Die veröffentlichten Ergebnisse zeigen, dass die Artenvielfalt sulfatreduzierender Mikroorganismen mindestens 27 Phyla (Stämme) umfasst. Bisher waren nur sechs Stämme bekannt. Im Vergleich dazu sind im Tierreich derzeit 40 Stämme bekannt Wirbeltiere Zugehörigkeit zu nur einem Stamm, den Chordata.

Schematische Darstellung des Abbaus von Pflanzenpektin

Schematische Darstellung des Abbaus von pflanzlichem Pektin – sowohl durch Sulfatreduktion als auch durch Atmung mit Sauerstoff in einem neu entdeckten Acidobakterium. Bildnachweis: DSMZ

Neu entdeckte multifunktionale Bakterienart

Einen dieser neuartigen „Sulfatreduzierer“ konnten die Forscher dem wenig erforschten Stamm der Acidobacteriota zuordnen und in einem Bioreaktor untersuchen.

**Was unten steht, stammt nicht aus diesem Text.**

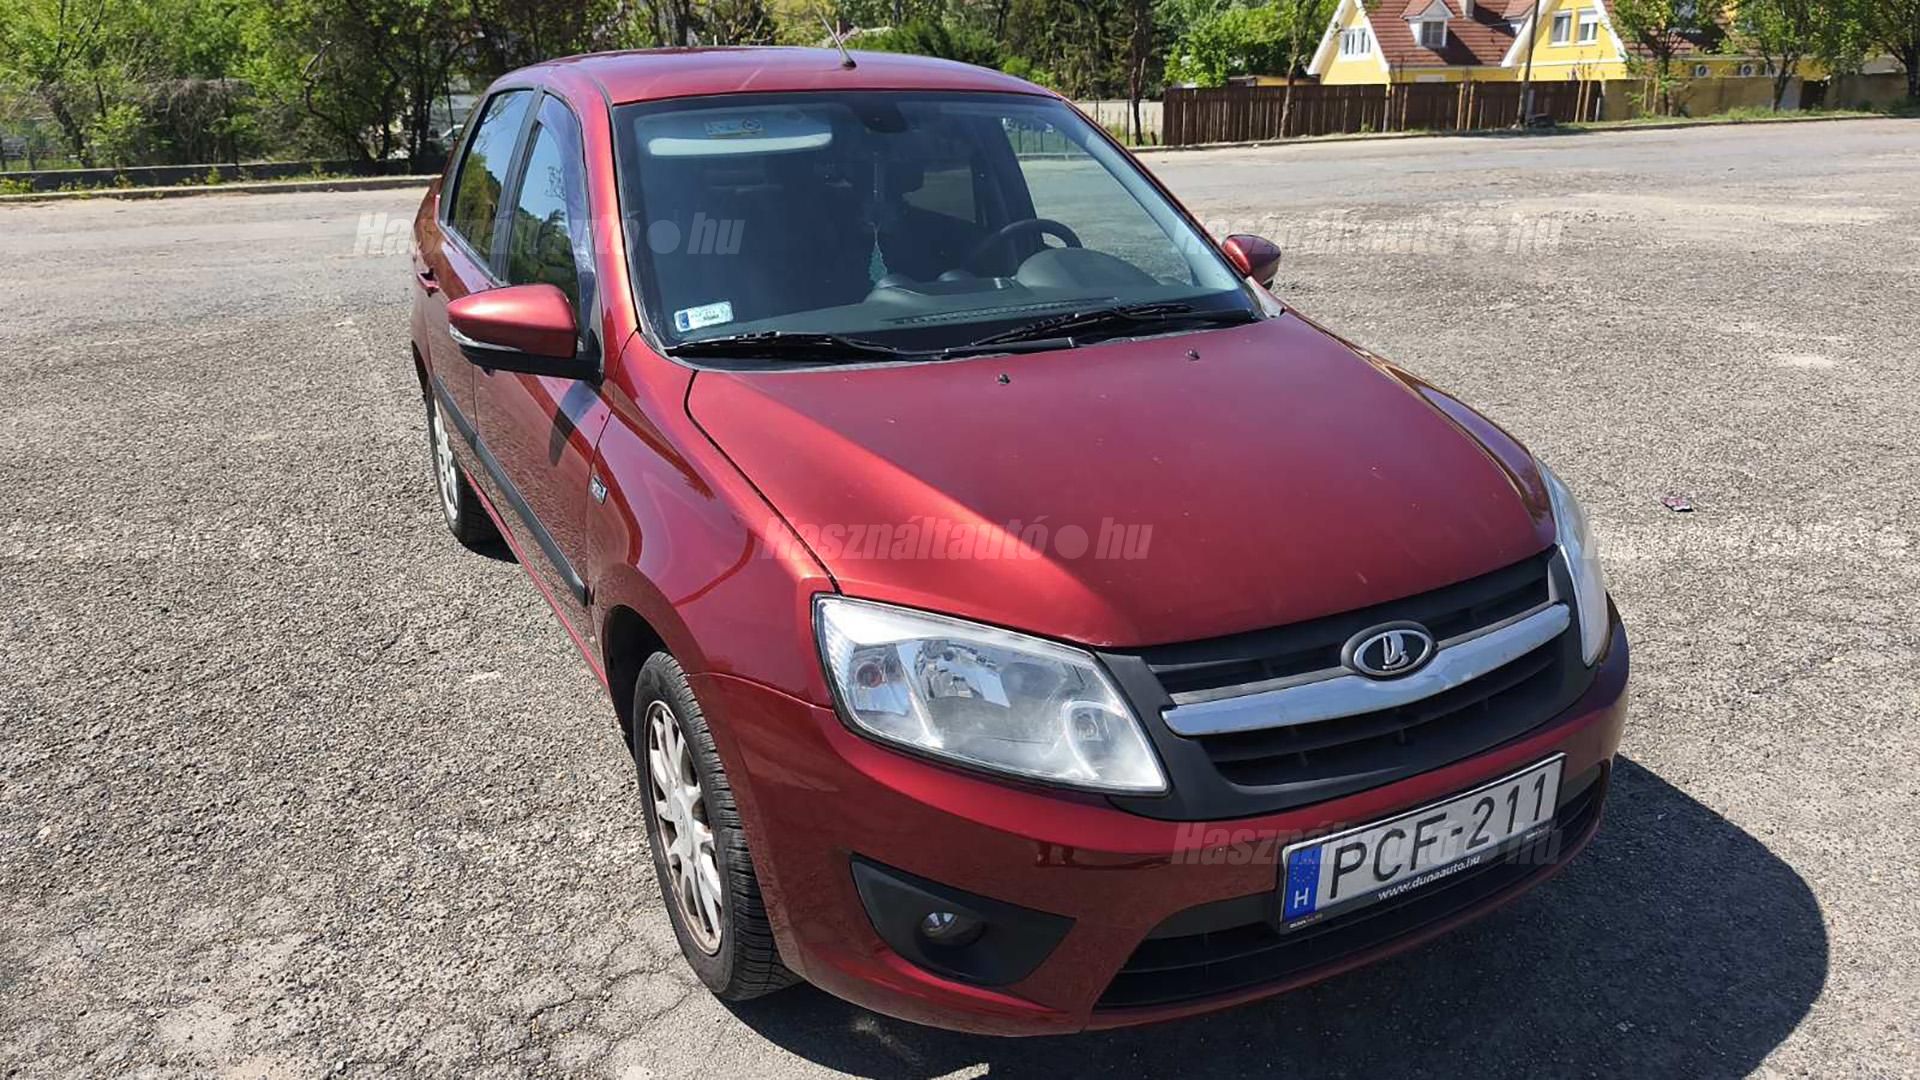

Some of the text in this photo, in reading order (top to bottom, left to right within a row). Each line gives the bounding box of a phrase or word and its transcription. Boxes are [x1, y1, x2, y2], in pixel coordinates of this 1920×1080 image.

Mithilfe modernster Methoden der Umweltmikrobiologie konnten sie zeigen, dass diese Bakterien sowohl Energie aus der Sulfatreduktion als auch aus der Sauerstoffatmung gewinnen können. Diese beiden Wege schließen sich normalerweise bei allen bekannten Mikroorganismen gegenseitig aus. Gleichzeitig konnten die Forscher zeigen, dass die sulfatreduzierenden Acidobacteriota komplexe pflanzliche Kohlenhydrate wie Pektin abbauen können – eine weitere bisher unbekannte Eigenschaft von „Sulfatreduzierern“.

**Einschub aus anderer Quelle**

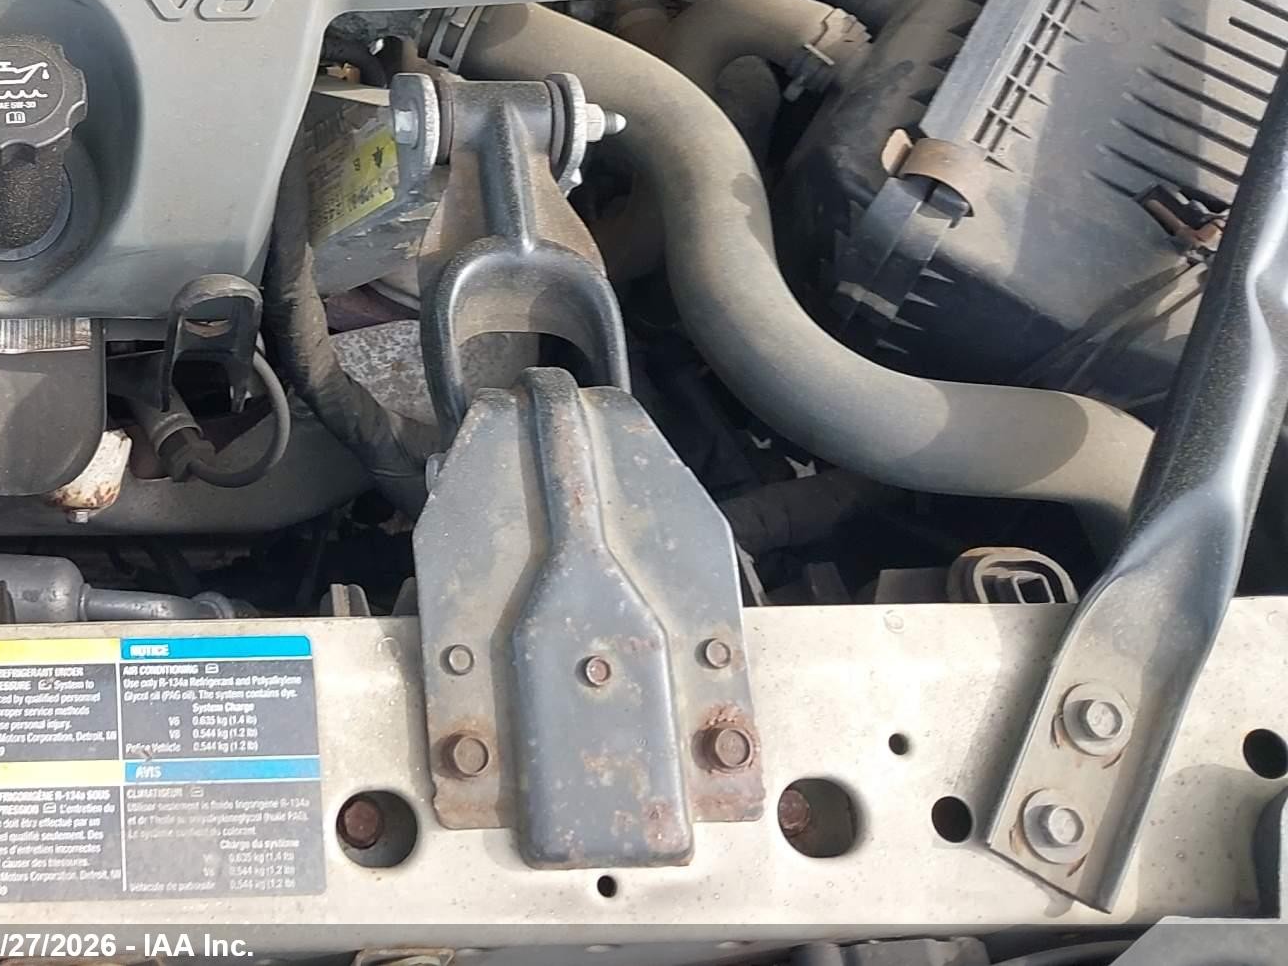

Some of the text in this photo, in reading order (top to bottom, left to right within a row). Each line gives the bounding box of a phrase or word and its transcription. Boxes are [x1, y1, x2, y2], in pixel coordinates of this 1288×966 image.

[10, 100, 37, 110] 5W-30
[130, 643, 169, 656] NOTICE
[122, 664, 199, 676] AIR CONDITIONING
[54, 680, 85, 692] System
[85, 679, 95, 690] to
[123, 676, 251, 690] Use only R-134a Refrigerant and
[13, 694, 24, 706] by
[60, 692, 101, 704] personnel
[198, 690, 214, 700] The
[215, 689, 244, 700] system
[245, 689, 280, 699] contains
[24, 707, 54, 717] service
[54, 706, 90, 716] methods
[192, 702, 255, 714] System Charge
[216, 715, 228, 726] kg
[228, 714, 245, 725] (1.4
[10, 721, 46, 732] personal
[192, 728, 216, 738] 0.544
[217, 728, 229, 740] kg
[229, 727, 245, 738] (1.2
[192, 741, 217, 751] 0.544
[217, 740, 229, 753] kg
[229, 740, 246, 752] (1.2
[135, 765, 162, 779] AVIS
[103, 803, 115, 813] du
[73, 818, 88, 829] par
[219, 839, 251, 850] Charge
[0, 872, 30, 882] Motors

Die Forscher stellten damit Lehrwissen auf den Kopf. Sie zeigen, dass komplexe Pflanzenstoffe unter Sauerstoffausschluss nicht nur, wie bisher angenommen, durch das koordinierte Zusammenspiel verschiedener Mikroorganismen, sondern über eine Abkürzung auch von einer einzelnen Bakterienart abgebaut werden können.

Stefan Dyskma und Michael Pester

Dr. Stefan Dyskma (links) und Prof. Dr. Michael Pester neben einem Bioreaktor an der DSMZ, in dem neuartige „Sulfatreduzierer“ untersucht werden konnten. Bildnachweis: DSMZ

Eine weitere neue Erkenntnis ist, dass diese Bakterien zu diesem Zweck sowohl Sulfat als auch Sauerstoff nutzen können. Forscher der DSMZ und der Technischen Universität Braunschweig untersuchen derzeit, wie sich die neuen Erkenntnisse auf das Zusammenspiel der Kohlenstoff- und Schwefelkreisläufe auswirken und wie diese mit klimarelevanten Prozessen verknüpft sind.

Verweise:

„Sauerstoffatmung und Polysaccharidabbau durch ein sulfatreduzierendes Acidobacterium“ von Stefan Dyksma und Michael Pester, 10. Oktober 2023, Naturkommunikation.
DOI: 10.1038/s41467-023-42074-z

„Globale Vielfalt und abgeleitete Ökophysiologie von Mikroorganismen mit dem Potenzial zur dissimilatorischen Sulfat-/Sulfitreduktion“ von Muhe Diao, Stefan Dyksma, Elif Koeksoy, David Kamanda Ngugi, Karthik Anantharaman, Alexander Loy und Michael Pester, 05. Oktober 2023, Rezensionen zur FEMS-Mikrobiologie.